▸ **Required work**: Nothing in the listing should be altered when it is copied, and no picture goes into the copy.

▸ **Data extract**:
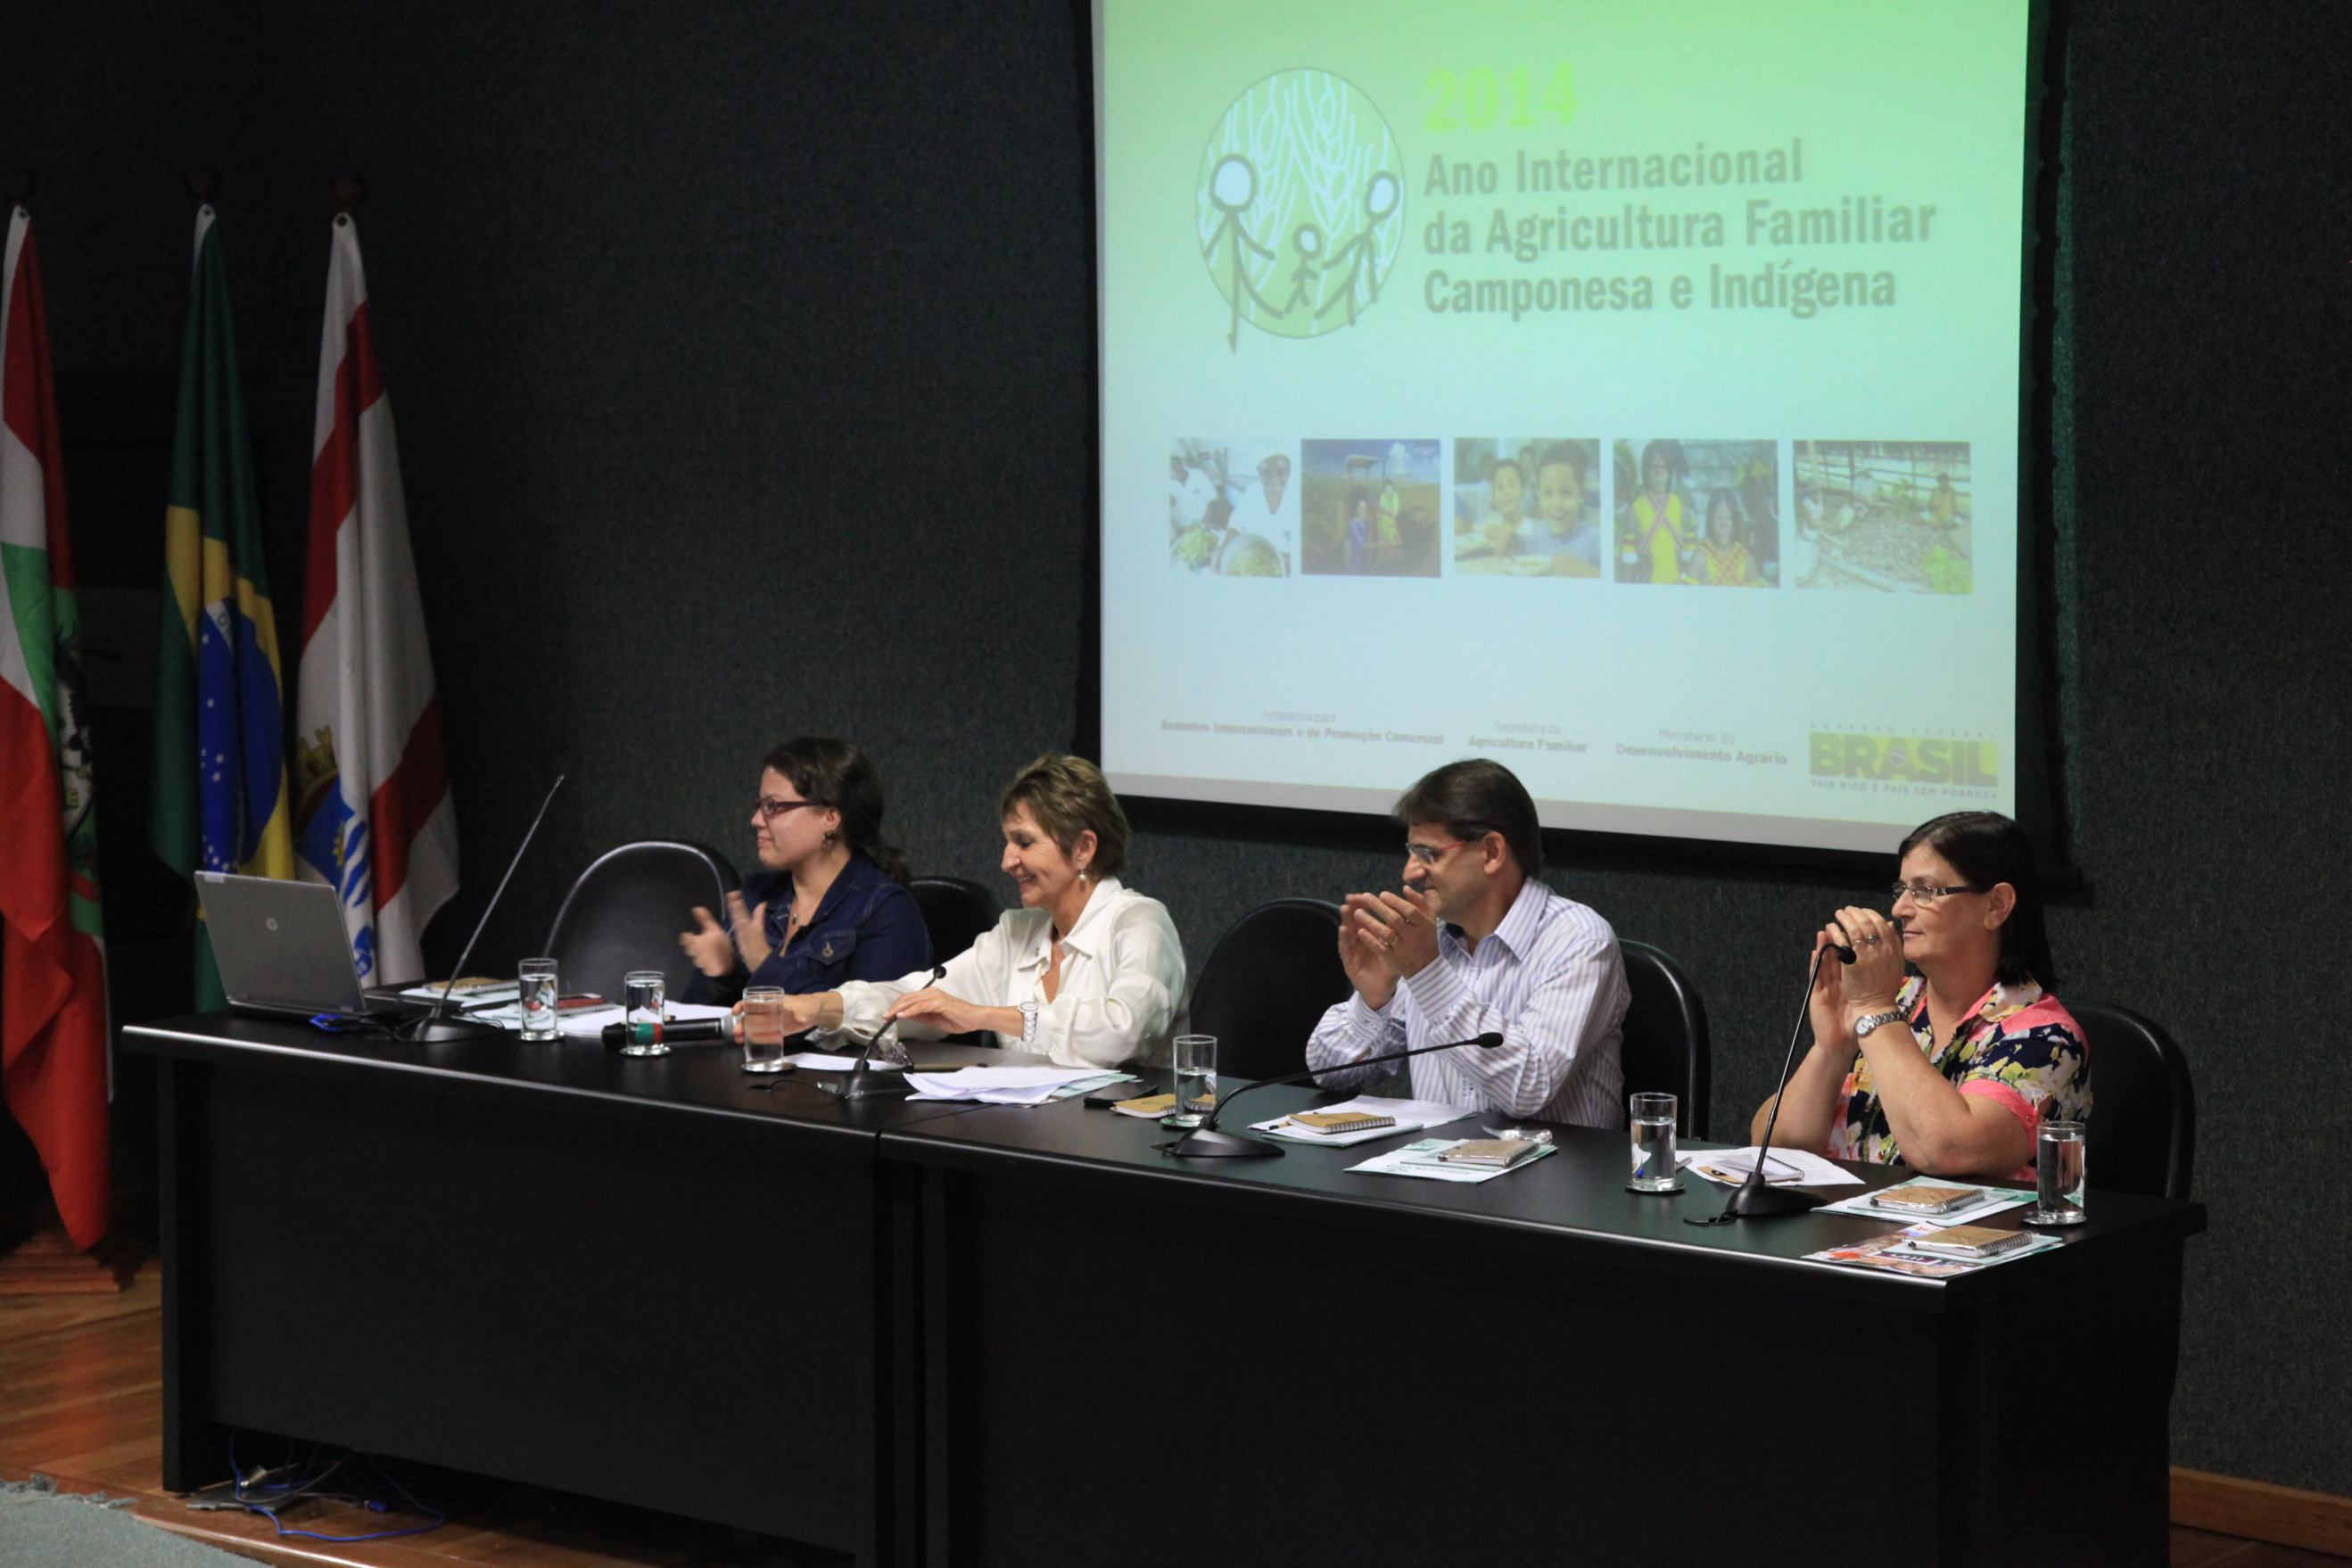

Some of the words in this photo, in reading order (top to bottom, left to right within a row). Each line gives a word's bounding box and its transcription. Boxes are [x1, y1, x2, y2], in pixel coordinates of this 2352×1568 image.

[1424, 61, 1579, 132] 2014
[1424, 153, 1498, 196] Ano
[1516, 137, 1803, 193] Internacional
[1424, 210, 1471, 254] da
[1485, 203, 1724, 263] Agricultura
[1745, 194, 1936, 247] Familiar
[1425, 268, 1653, 322] Camponesa
[1670, 274, 1693, 309] e
[1710, 258, 1896, 319] Indígena
[1160, 719, 1209, 732] Assuntos
[1213, 722, 1292, 737] Internacionais
[1307, 727, 1321, 739] de
[1325, 727, 1382, 744] Promoção
[1385, 730, 1444, 745] Comercial
[1548, 723, 1561, 735] da
[1721, 732, 1736, 745] do
[1468, 735, 1533, 750] Agricultura
[1538, 738, 1588, 753] Familiar
[1616, 742, 1731, 762] Desenvolvimento
[1809, 731, 1999, 788] BRASIL
[1840, 781, 1867, 792] RICO
[1914, 786, 1937, 796] SEM
[1943, 788, 1998, 801] POBREZA

▸ **Task result**:
Some of the words in this photo, in reading order (top to bottom, left to right within a row). Each line gives a word's bounding box and its transcription. Boxes are [x1, y1, x2, y2], in pixel coordinates of this 2352×1568 image.

[1424, 61, 1579, 132] 2014
[1424, 153, 1498, 196] Ano
[1516, 137, 1803, 193] Internacional
[1424, 210, 1471, 254] da
[1485, 203, 1724, 263] Agricultura
[1745, 194, 1936, 247] Familiar
[1425, 268, 1653, 322] Camponesa
[1670, 274, 1693, 309] e
[1710, 258, 1896, 319] Indígena
[1160, 719, 1209, 732] Assuntos
[1213, 722, 1292, 737] Internacionais
[1307, 727, 1321, 739] de
[1325, 727, 1382, 744] Promoção
[1385, 730, 1444, 745] Comercial
[1548, 723, 1561, 735] da
[1721, 732, 1736, 745] do
[1468, 735, 1533, 750] Agricultura
[1538, 738, 1588, 753] Familiar
[1616, 742, 1731, 762] Desenvolvimento
[1809, 731, 1999, 788] BRASIL
[1840, 781, 1867, 792] RICO
[1914, 786, 1937, 796] SEM
[1943, 788, 1998, 801] POBREZA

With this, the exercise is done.